Nos três volumes de History of Brazil, considerada a obra mais extensa sobre Brasil colonial, de autoria do Historiador inglês Robert Southey, que viveu de 1774 a 1843, há uma realidade diferente daquela apresentada por Ambrósio Brandão. Obviamente, Robert Southey viveu em uma época pelo menos 100 anos mais recente que Ambrósio Brandão. Robert Southey relata um contexto produtivo de leite e de queijo mais vigoroso. Há menção à importação de vacas, ovelhas e cabras de Cabo Verde e da Europa, cujos leites eram utilizados para a produção de queijos e manteiga. Um interessante relato é feito no terceiro volume, a respeito de queijos produzidos no sertão de Pernambuco, os quais eram considerados como excelentes quando novos, mas se tornavam duros com o passar de quatro a cinco semanas. Conforme Robert Southey, as habilidades para a produção de lácteos não iam além destas.  

A produção do Requeijão do Sertão por escravos africanos e sua constante presença nas feiras também é relatada nestas obras raras. 

 

Provavelmente o queijo a que se referiu Robert Southey seja antepassado do Queijo de Coalho, cuja produção é antiga e com fortes laços artesanais, regionais e culturais. 
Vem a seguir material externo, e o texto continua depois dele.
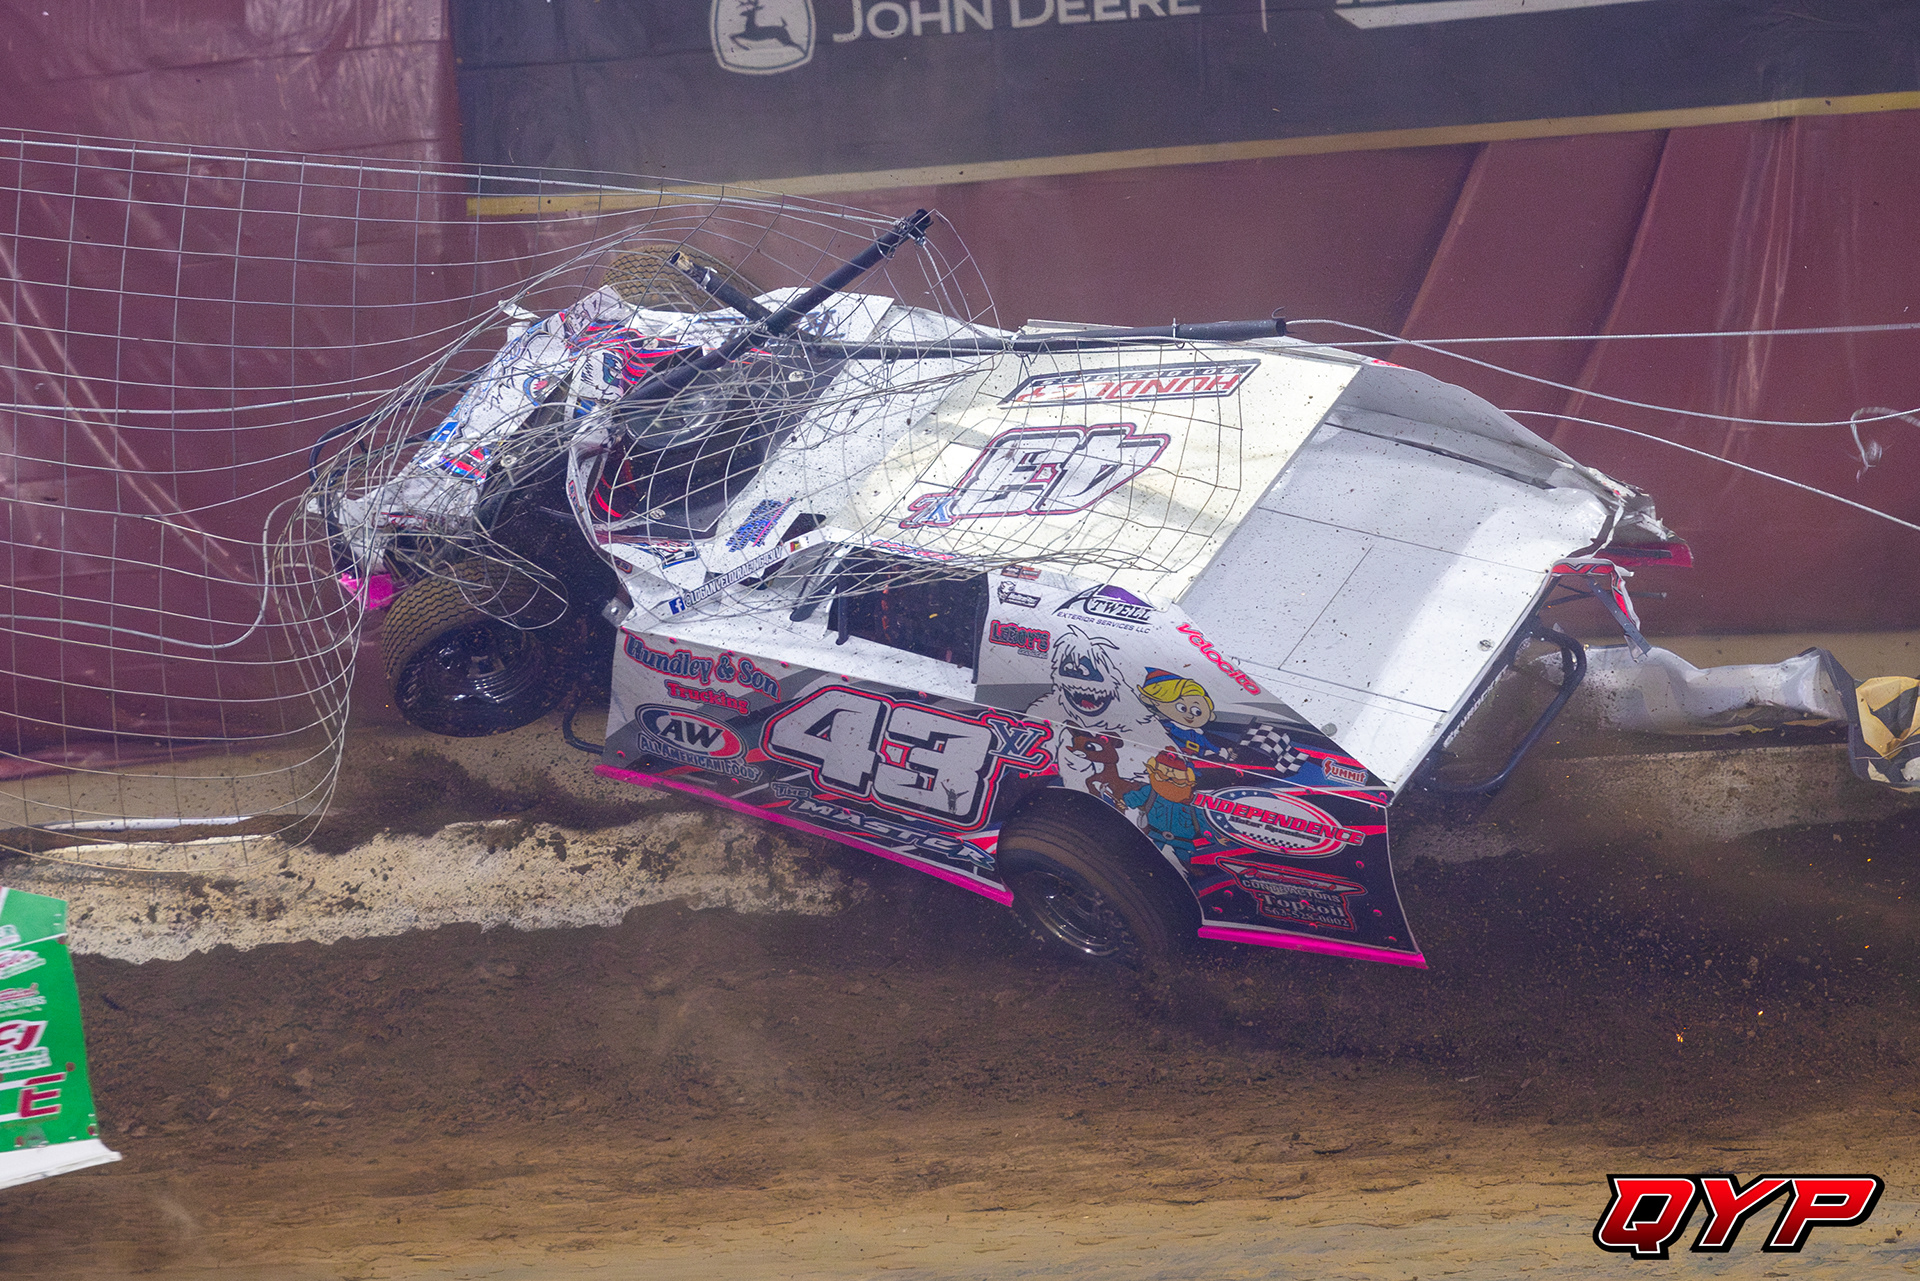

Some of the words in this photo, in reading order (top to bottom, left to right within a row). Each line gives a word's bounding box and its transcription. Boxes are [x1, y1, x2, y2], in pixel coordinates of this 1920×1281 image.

[832, 0, 994, 42] JOHN
[1052, 583, 1152, 622] ATWELL
[1057, 611, 1095, 623] EXTERIOR
[1096, 618, 1134, 631] SERVICES
[1136, 626, 1151, 634] LLC
[625, 633, 713, 685] Hundley
[715, 654, 736, 682] &
[738, 658, 780, 701] Son
[666, 681, 750, 715] Trucking
[662, 743, 722, 773] AMERICAN
[723, 761, 759, 780] FOOD
[764, 686, 995, 829] 43
[773, 784, 811, 798] THE
[797, 799, 992, 867] MASTER
[1192, 792, 1365, 846] INDEPENDENCE
[1258, 894, 1346, 917] Topsoil
Mesmo tendo sido o antepassado do Queijo de Coalho o primeiro queijo brasileiro, não seria possível atribuir a sua produção o desenvolvimento das primeiras técnicas de maturação. É possível esta suposição, pois se trata esta de uma variedade de queijo tipicamente consumida poucos dias após a fabricação. As etapas básicas para a sua produção, mantidas até os dias atuais, compreendem a coagulação enzimática do leite, enformagem, prensagem, salga e estabilização. 
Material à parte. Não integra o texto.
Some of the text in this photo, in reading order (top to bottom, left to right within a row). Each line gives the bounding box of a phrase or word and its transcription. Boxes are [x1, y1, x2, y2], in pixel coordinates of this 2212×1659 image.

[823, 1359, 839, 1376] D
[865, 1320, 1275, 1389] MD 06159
Em suas obras o Historiador Robert Southey fez outras rápidas menções a produção de queijos no Brasil colonial. Em 1784 relatou grande produção de queijos no Pará, a qual tratada, porém com qualidade inferior ao queijo do Alem-tejo. Relatou que havia algum tipo de produção de leite no extremo Sul do Brasil, mas que o gado tinha comportamento bastante selvagem e pouco leite era transformado, naquela época, em queijo ou manteiga. Relatou a produção de queijo de boa qualidade na região da baia do Paranaguá, Paraná, a partir de vacas, cabras e ovelhas. 

 Queijo no Para 

 

A produção de queijos aconteceu de forma mais acentuada durante o Ciclo da Mineração, ambientado na região dos atuais estados de Goiás, Mato Grosso, Bahia e, especialmente, Minas Gerais, a partir do final do século XVII. 
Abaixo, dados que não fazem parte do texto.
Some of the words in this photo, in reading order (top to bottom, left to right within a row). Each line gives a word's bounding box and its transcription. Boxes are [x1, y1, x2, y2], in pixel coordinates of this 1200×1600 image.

Durante a exploração do ouro e das pedras preciosas, muitos centros urbanos surgiram, dando origem a cidades como Diamantina, Serro, Ouro Preto, Mariana, Sabará, São João del Rey, Tiradentes e Paraty. Estes centros urbanos receberam muitos imigrantes, vindos de outras regiões do Brasil e também da Europa. Para atender a demanda alimentar das crescentes populações, produzir alimentos in situ foi fundamental. 

As dificuldades de rápido escoamento do leite cru das roças para as cidades, especialmente devido ao relevo montanhoso Minas Gerais, fizeram da produção de queijos a estratégia para conservar os nutrientes do leite cru e também para distribuí-los para o mercado consumidor, no lombo de animais. Com a decadência do Ciclo da Mineração, a pecuária leiteira passou a ser uma das grandes fontes de geração e riqueza para as regiões que ambientaram o extrativismo mineral. A produção destes queijos foi disseminada por diversas regiões, acompanhando o tropeirismo. 

Os queijos que surgiram a partir do Ciclo da Mineração são basicamente feitos da mesma forma até hoje. São produzidos com o leite cru de vaca, utilizando coagulante e o ‘Pingo’, que é um soro-fermento com microrganismos naturais e típicos da propriedade. O uso de prateleiras de madeira para a cura dos queijos também é mantida, como nos primórdios. Ao contrário disto, a utilização de bancas e formas de madeira foi proibida pelo Serviço de Inspeção. 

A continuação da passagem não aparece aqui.